• WHAT YOU HAVE TO DO:
Write out the data that follows exactly, keeping every picture out.

Records from a dataset
==*==
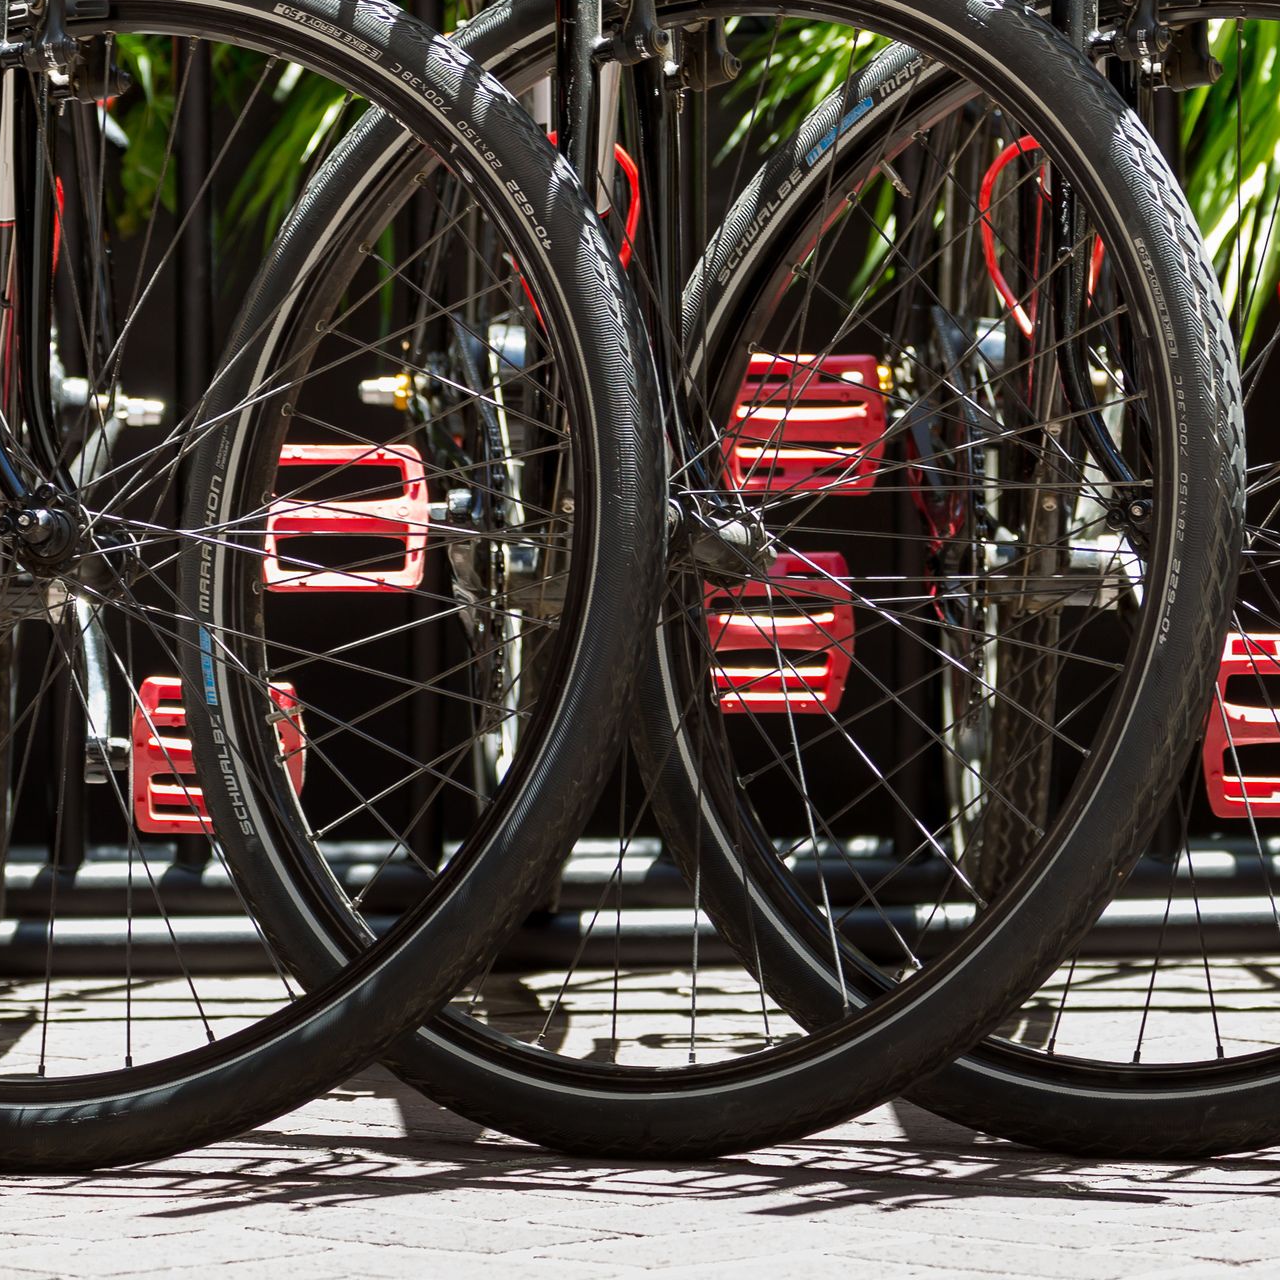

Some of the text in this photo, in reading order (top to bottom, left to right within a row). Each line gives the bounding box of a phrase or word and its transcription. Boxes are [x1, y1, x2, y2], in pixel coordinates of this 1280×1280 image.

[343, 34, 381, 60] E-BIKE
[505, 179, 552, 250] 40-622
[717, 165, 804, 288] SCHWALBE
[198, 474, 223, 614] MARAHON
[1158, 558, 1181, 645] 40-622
==*==
• EXPECTED ANSWER:
Some of the text in this photo, in reading order (top to bottom, left to right within a row). Each line gives the bounding box of a phrase or word and its transcription. Boxes are [x1, y1, x2, y2], in pixel coordinates of this 1280×1280 image.

[343, 34, 381, 60] E-BIKE
[505, 179, 552, 250] 40-622
[717, 165, 804, 288] SCHWALBE
[198, 474, 223, 614] MARAHON
[1158, 558, 1181, 645] 40-622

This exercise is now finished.